_What the task requires:_ Every record below should be printed again exactly, with its pictures removed.

_Data extracts:_
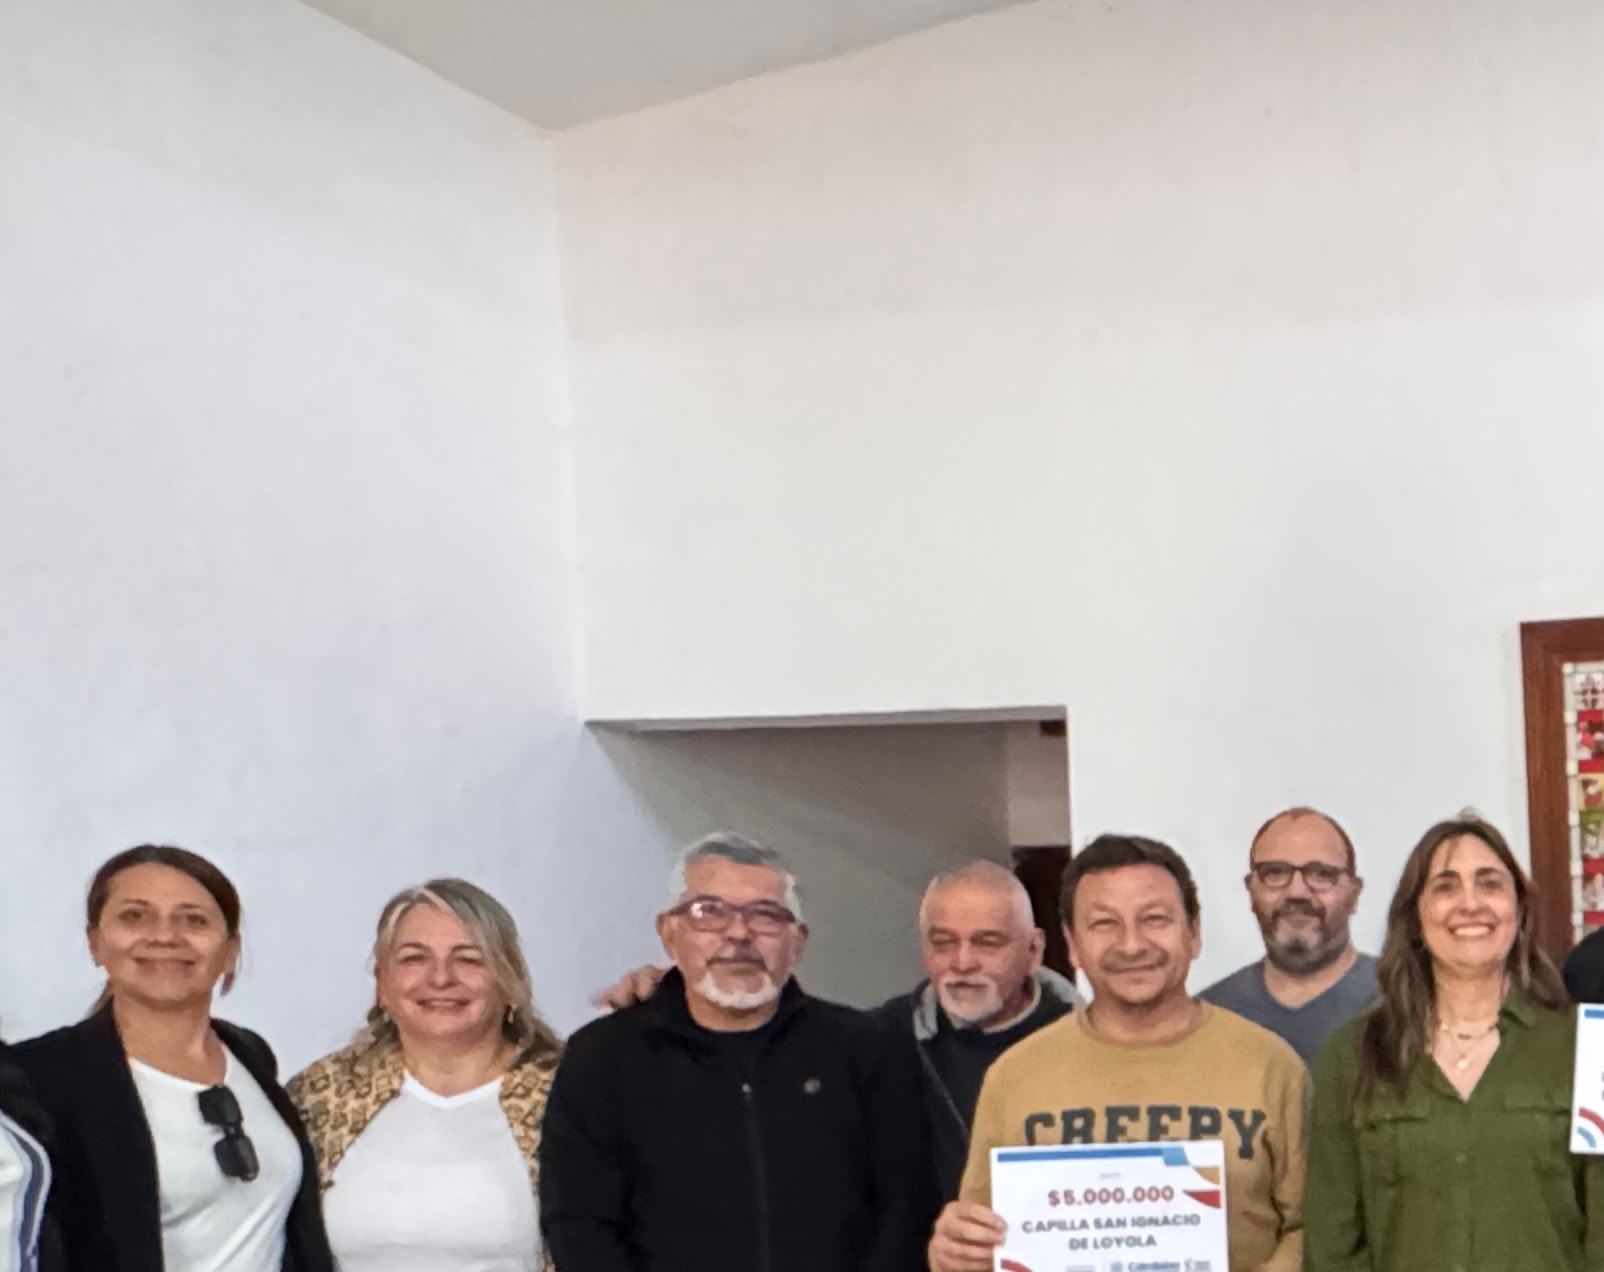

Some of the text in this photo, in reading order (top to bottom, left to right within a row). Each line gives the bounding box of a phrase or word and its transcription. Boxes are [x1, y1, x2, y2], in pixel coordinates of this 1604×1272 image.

[1023, 1105, 1267, 1160] CREEPY
[1047, 1185, 1175, 1208] $5.000.000
[1021, 1213, 1202, 1234] CAPILLA SAN IGNACIO
[1068, 1234, 1158, 1251] DE LOYOLA

_Exercise output:_
Some of the text in this photo, in reading order (top to bottom, left to right within a row). Each line gives the bounding box of a phrase or word and its transcription. Boxes are [x1, y1, x2, y2], in pixel coordinates of this 1604×1272 image.

[1023, 1105, 1267, 1160] CREEPY
[1047, 1185, 1175, 1208] $5.000.000
[1021, 1213, 1202, 1234] CAPILLA SAN IGNACIO
[1068, 1234, 1158, 1251] DE LOYOLA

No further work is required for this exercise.